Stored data

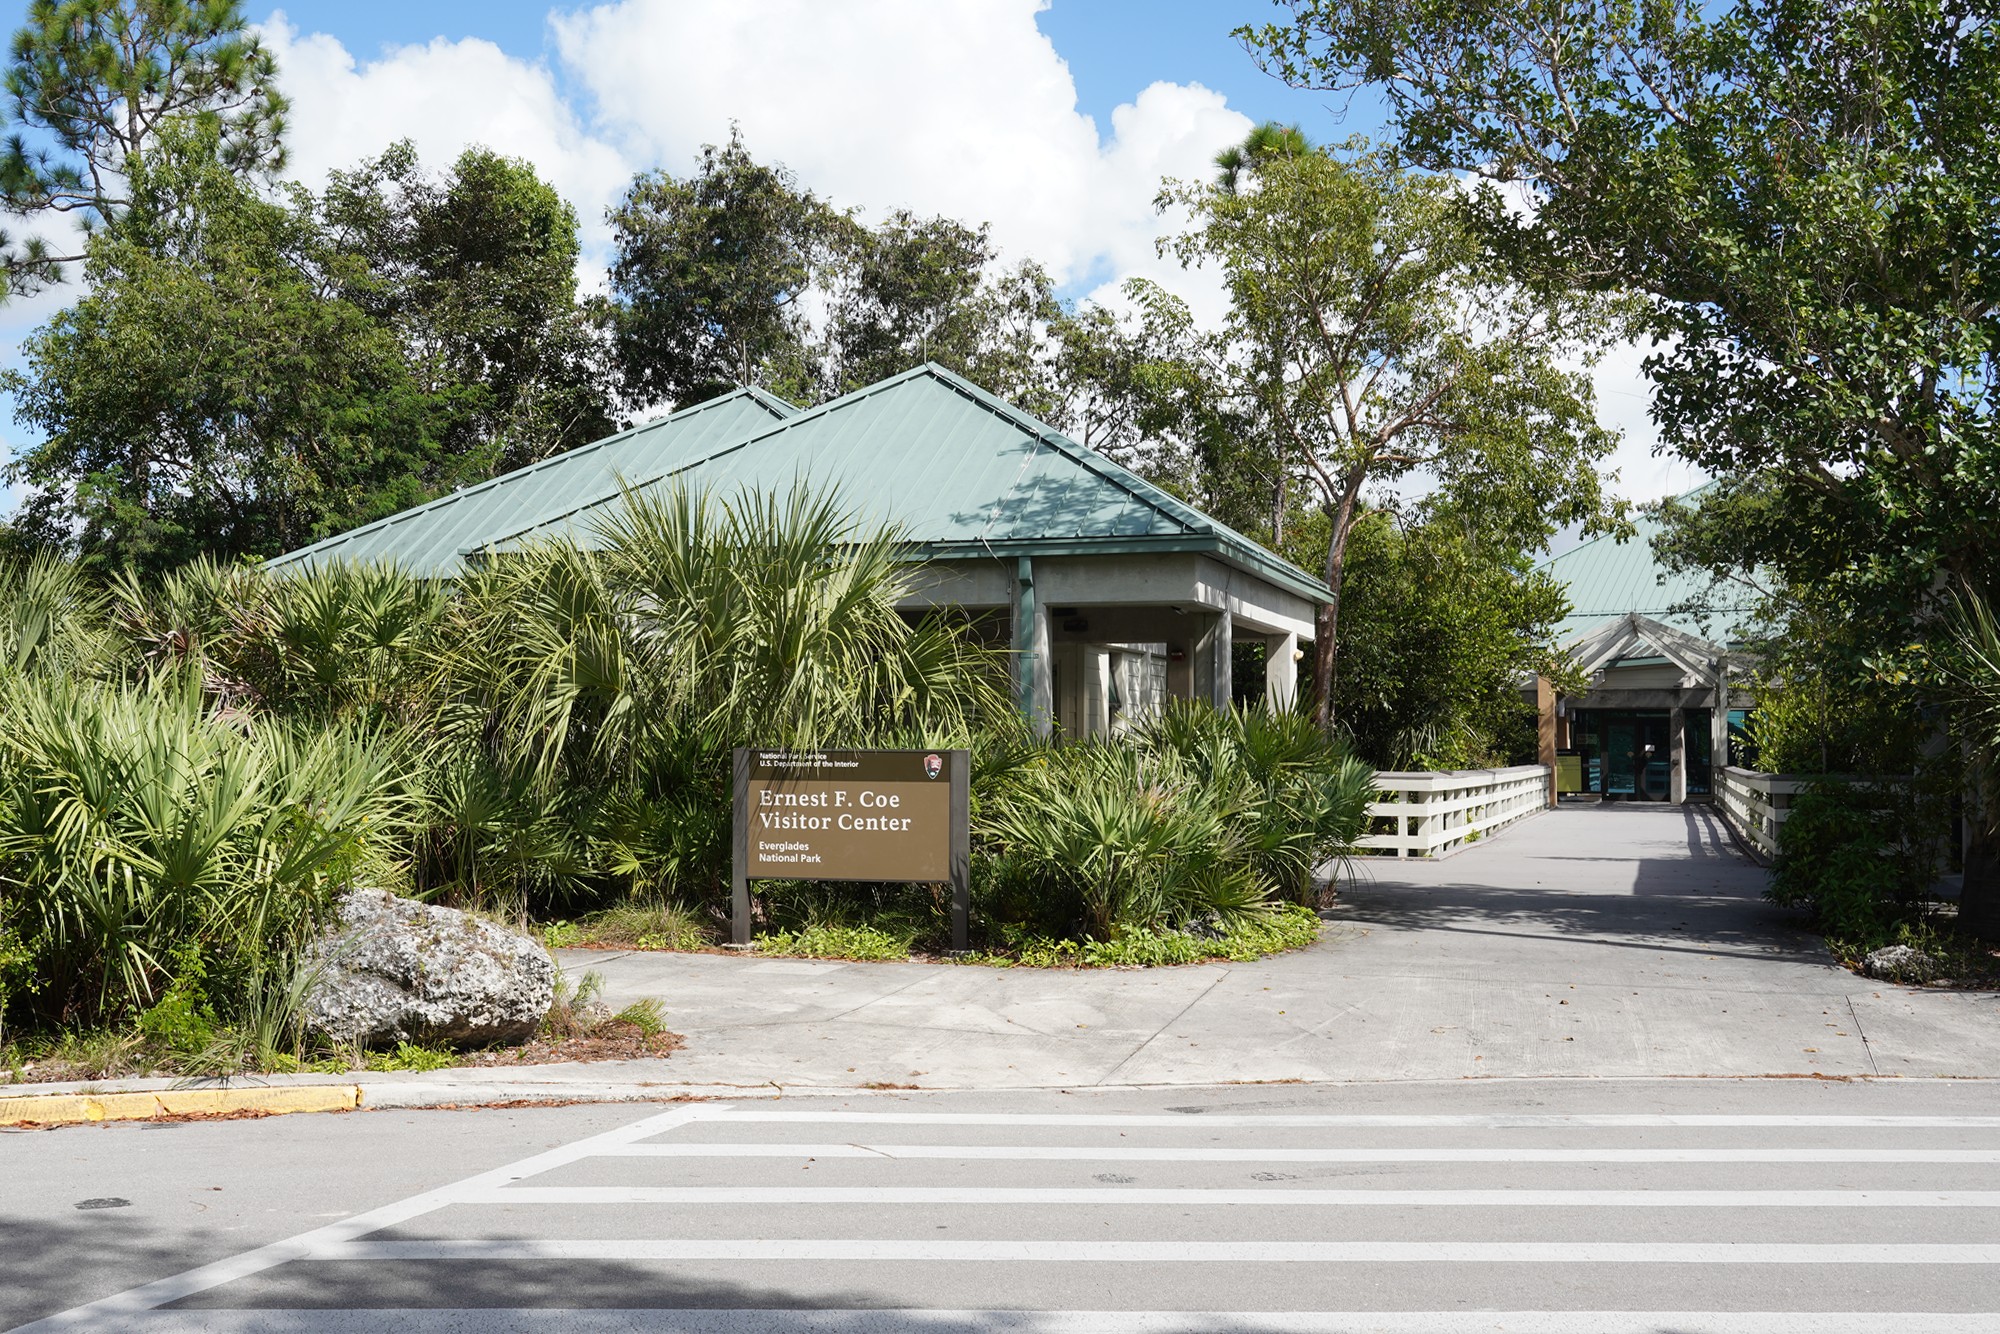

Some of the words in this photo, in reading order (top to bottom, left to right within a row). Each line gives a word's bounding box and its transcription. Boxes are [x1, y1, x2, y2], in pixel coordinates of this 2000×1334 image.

[759, 790, 828, 807] Ernest
[834, 791, 853, 807] F.
[859, 791, 900, 808] Coe
[760, 812, 832, 830] Visitor
[838, 813, 912, 831] Center
[759, 841, 809, 852] Everglades
[759, 853, 798, 863] National
[800, 854, 821, 863] Park
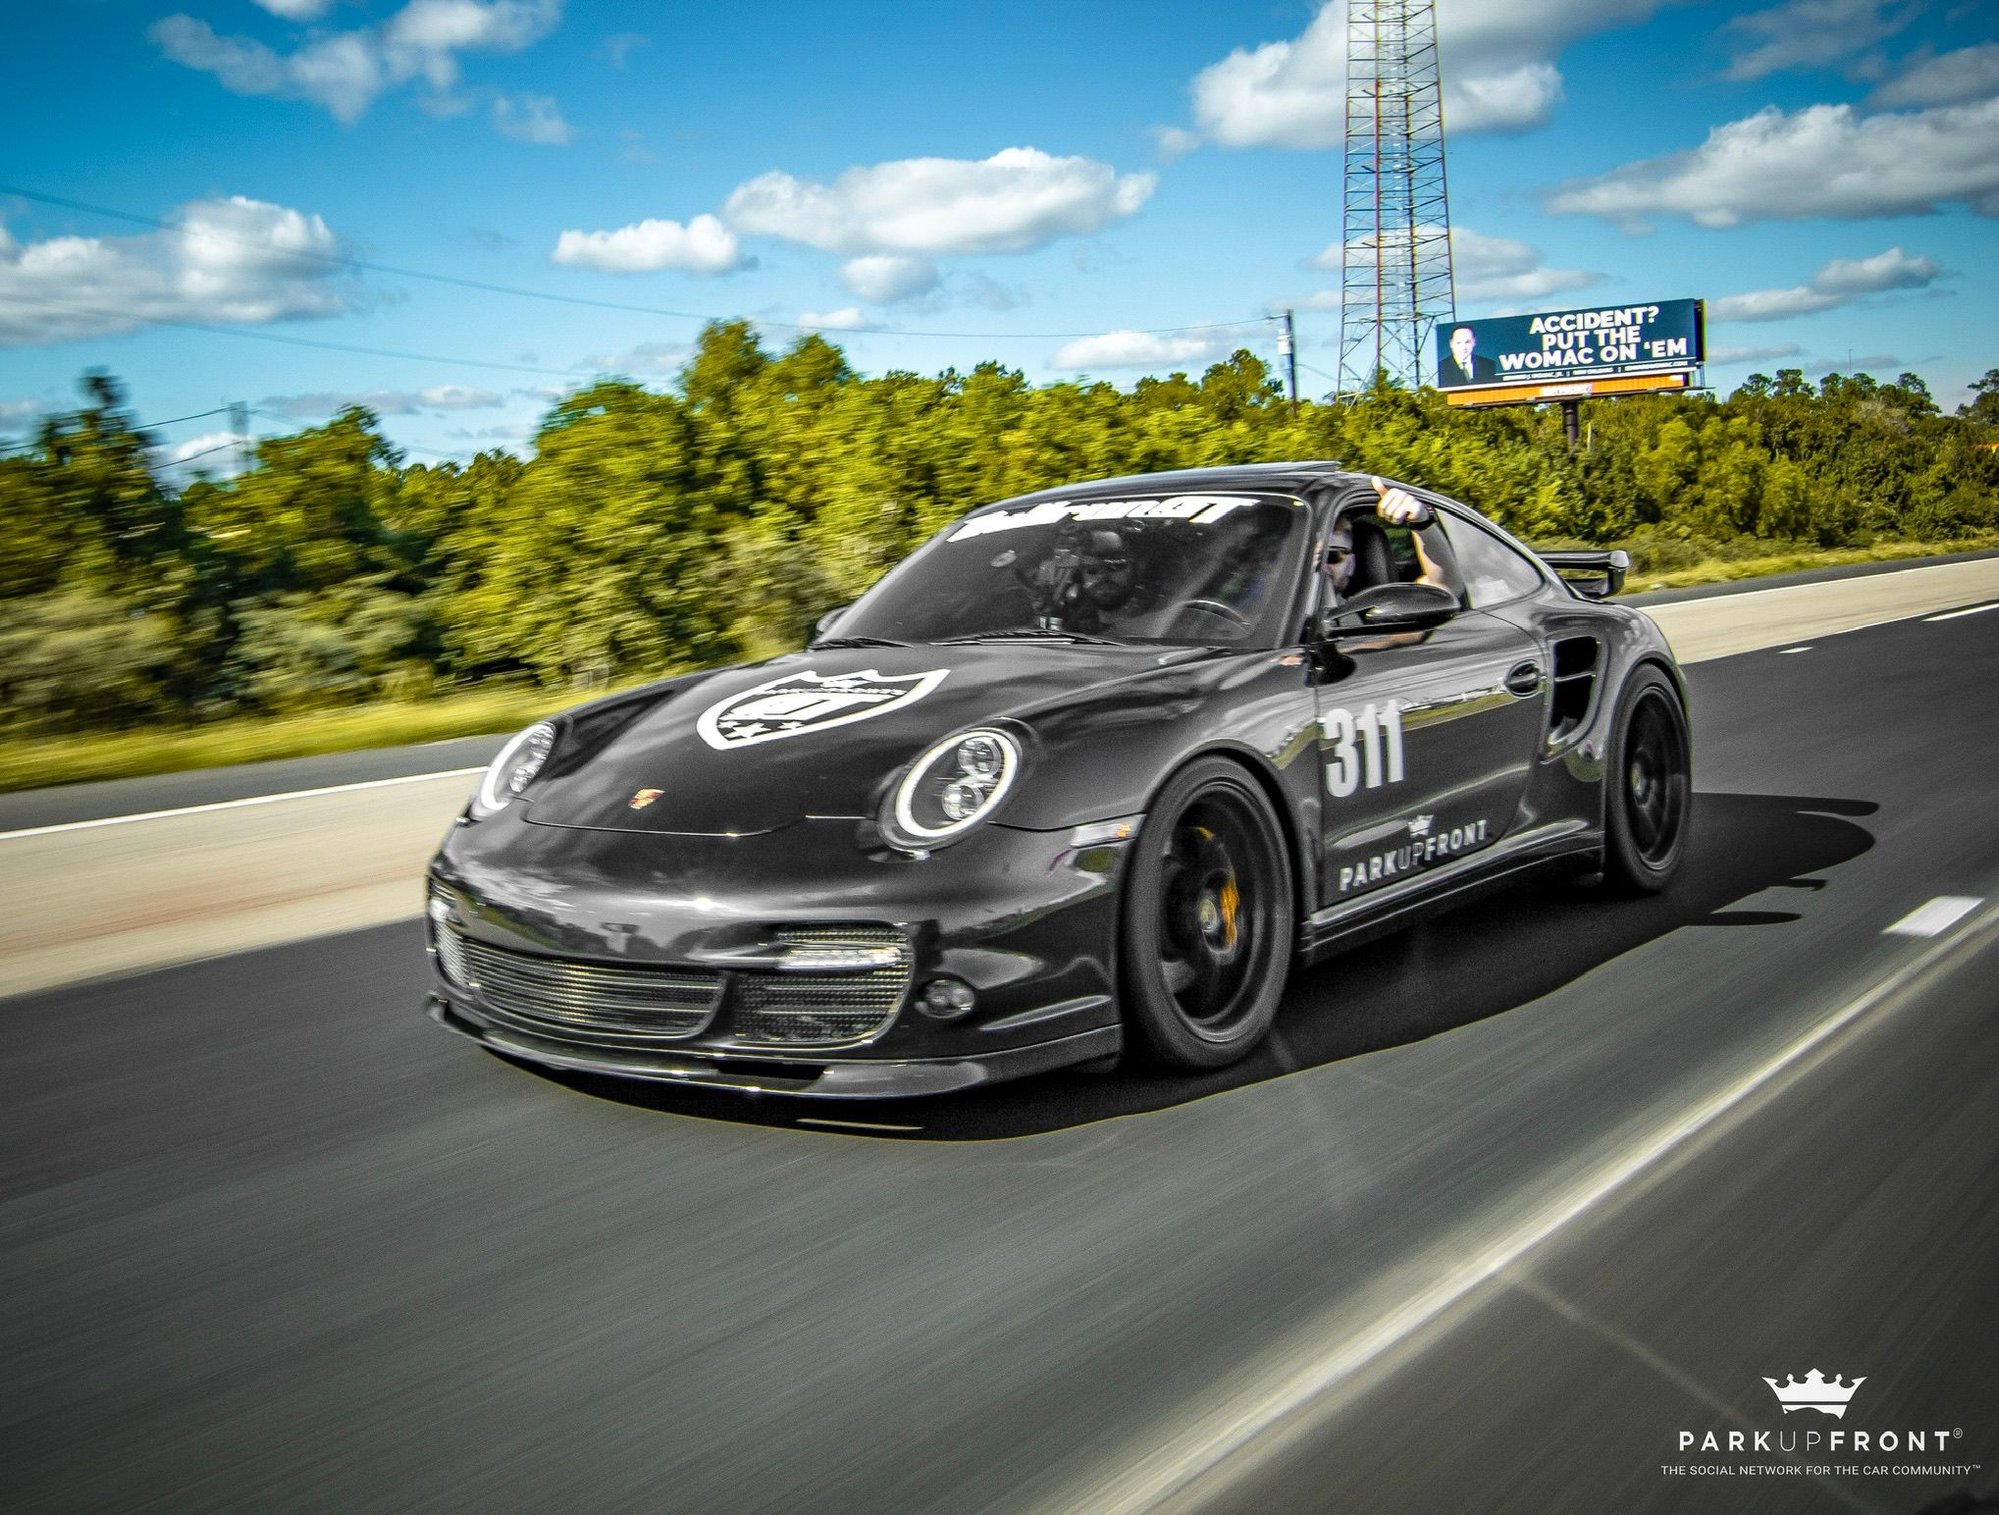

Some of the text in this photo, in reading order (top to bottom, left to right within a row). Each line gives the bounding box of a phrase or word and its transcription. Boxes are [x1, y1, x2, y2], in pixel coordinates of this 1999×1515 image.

[1529, 306, 1659, 334] ACCIDENT?
[1542, 326, 1641, 351] PUT THE
[1499, 348, 1594, 370] WOMAC
[1600, 345, 1637, 363] ON
[1323, 699, 1403, 797] 311
[1338, 819, 1488, 891] PARKUPFRONT
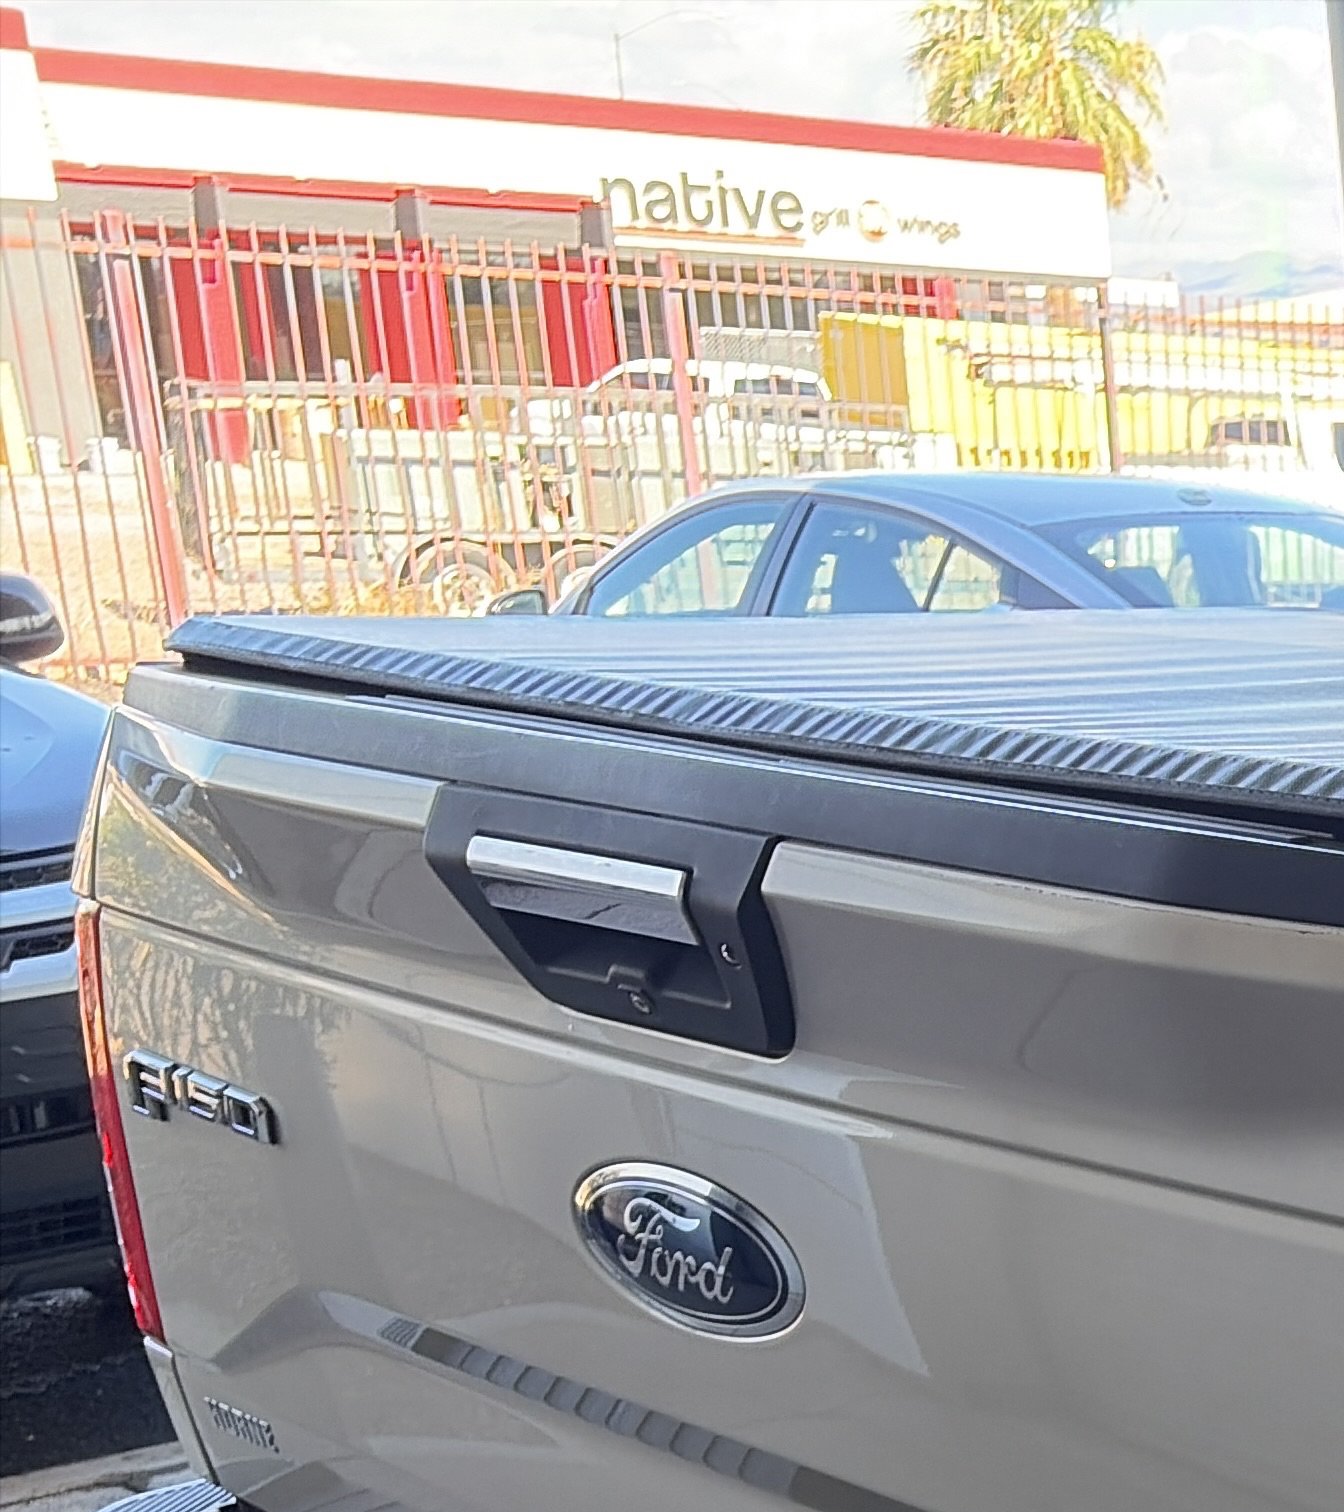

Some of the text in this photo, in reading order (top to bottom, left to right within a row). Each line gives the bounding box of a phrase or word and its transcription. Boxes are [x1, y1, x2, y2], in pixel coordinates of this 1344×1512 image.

[599, 170, 961, 244] native grill wings
[616, 1196, 736, 1305] Ford

WORK INSTRUCTION =
Each line of the data above must be reproduced as written. Skip the pictures.

OUTPUT BELOW =
Some of the words in this photo, in reading order (top to bottom, left to right within a row). Each line gives a word's bounding box and its transcription. Boxes are [x1, y1, x2, y2], in pixel coordinates of this 2000×1334 image.

[759, 790, 828, 807] Ernest
[834, 791, 853, 807] F.
[859, 791, 900, 808] Coe
[760, 812, 832, 830] Visitor
[838, 813, 912, 831] Center
[759, 841, 809, 852] Everglades
[759, 853, 798, 863] National
[800, 854, 821, 863] Park

Some of the text in this photo, in reading order (top to bottom, left to right within a row). Each line gives the bounding box of a phrase or word and its transcription. Boxes are [x1, y1, x2, y2], in pixel coordinates of this 1999×1515 image.

[1529, 306, 1659, 334] ACCIDENT?
[1542, 326, 1641, 351] PUT THE
[1499, 348, 1594, 370] WOMAC
[1600, 345, 1637, 363] ON
[1323, 699, 1403, 797] 311
[1338, 819, 1488, 891] PARKUPFRONT

Some of the text in this photo, in reading order (top to bottom, left to right within a row). Each line gives the bounding box of a phrase or word and its transcription. Boxes are [x1, y1, x2, y2], in pixel coordinates of this 1344×1512 image.

[599, 170, 961, 244] native grill wings
[616, 1196, 736, 1305] Ford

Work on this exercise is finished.